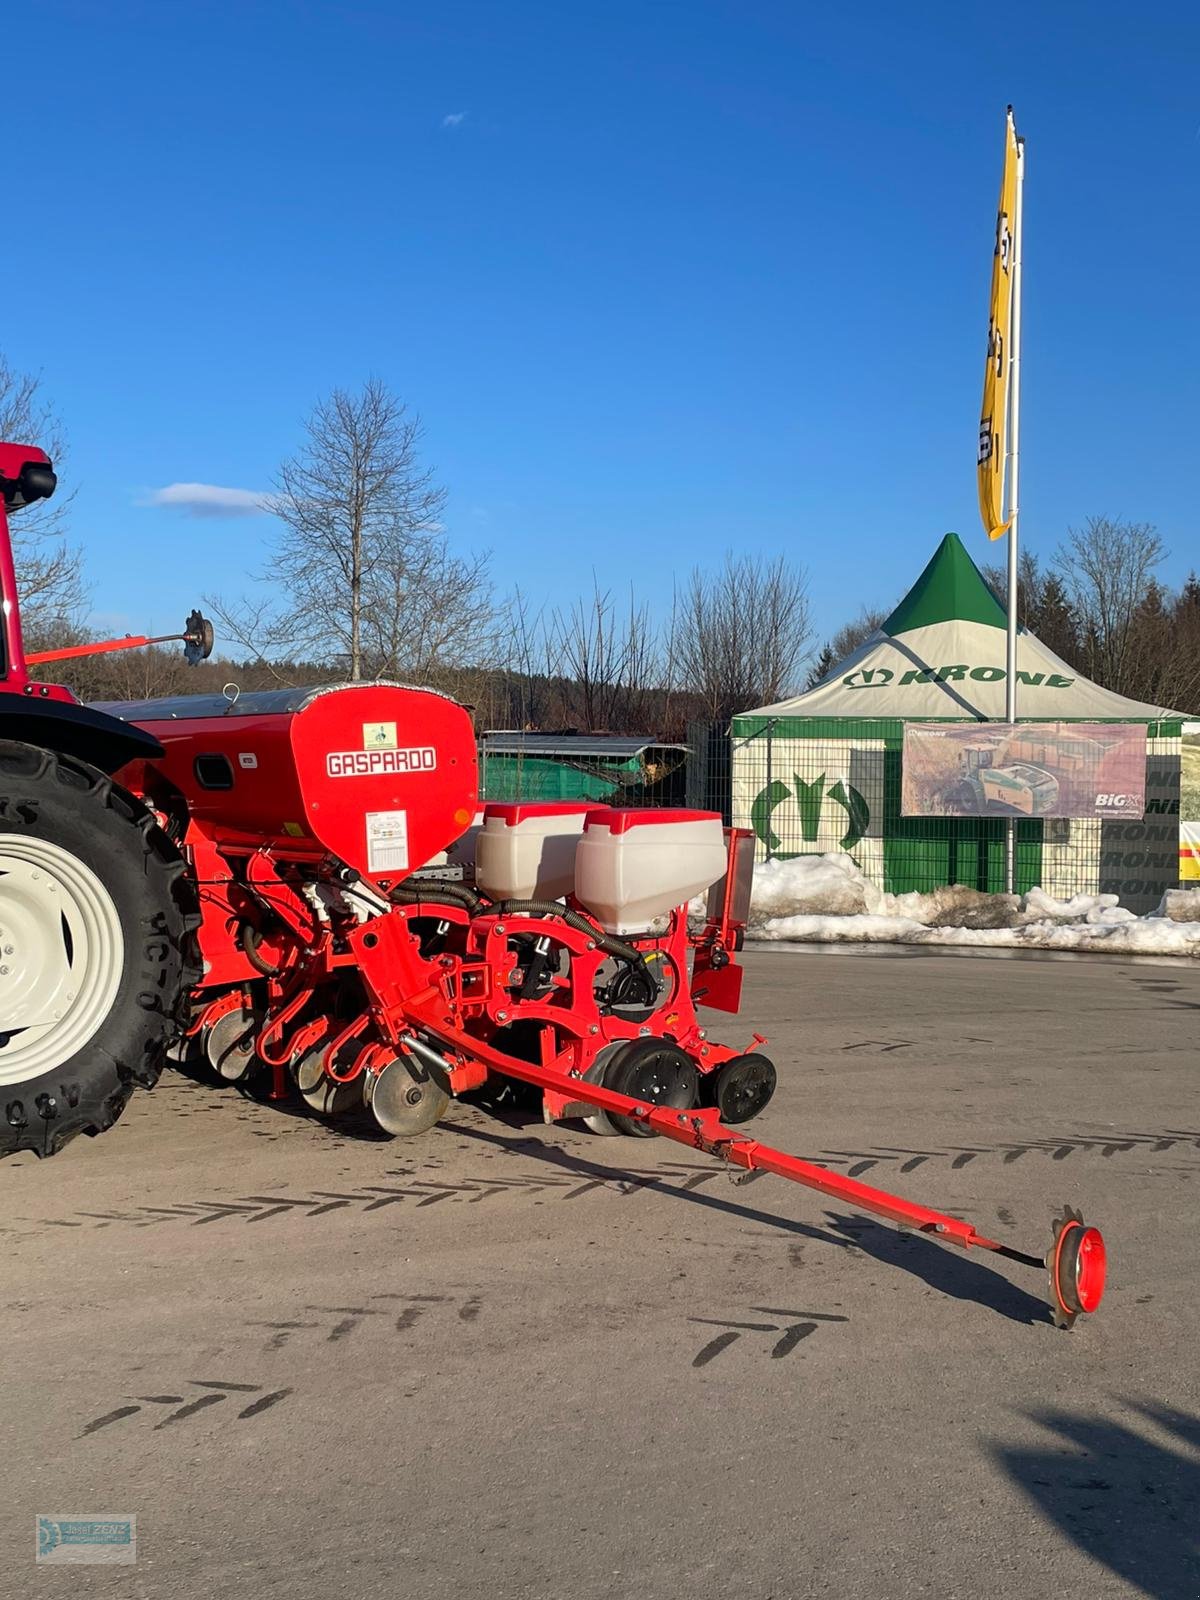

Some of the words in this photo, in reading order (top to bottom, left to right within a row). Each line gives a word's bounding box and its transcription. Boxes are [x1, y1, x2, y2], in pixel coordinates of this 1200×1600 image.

[898, 664, 1075, 688] KRONE
[328, 749, 435, 775] GASPARDO
[1102, 824, 1178, 841] RON
[1101, 851, 1178, 868] RON
[1101, 878, 1178, 895] RON
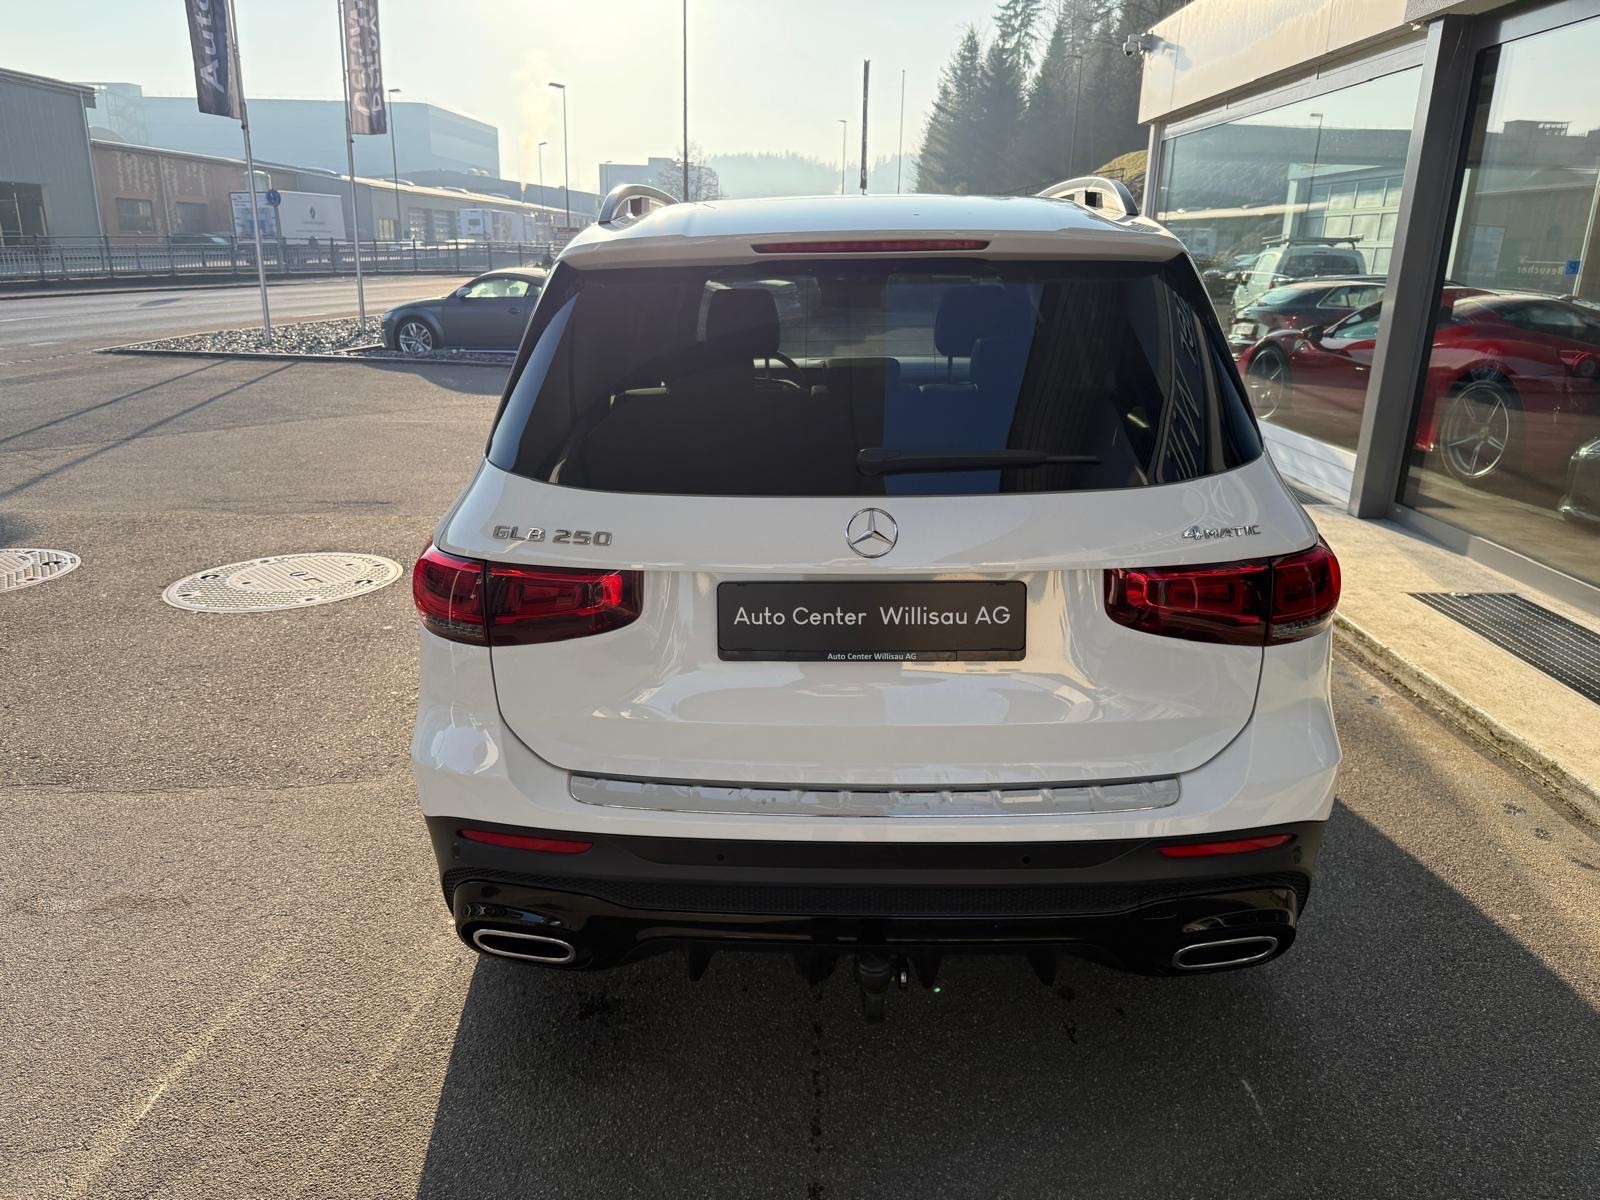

Problem statement
Would you copy out the data exactly, leaving every picture out?

Answer to this task
Some of the words in this photo, in reading order (top to bottom, left to right within a row). Each line gives a word's bounding box and its transcription. Boxes are [x1, y1, x2, y2], in pixel coordinates of this 1200×1600 image.

[898, 664, 1075, 688] KRONE
[328, 749, 435, 775] GASPARDO
[1102, 824, 1178, 841] RON
[1101, 851, 1178, 868] RON
[1101, 878, 1178, 895] RON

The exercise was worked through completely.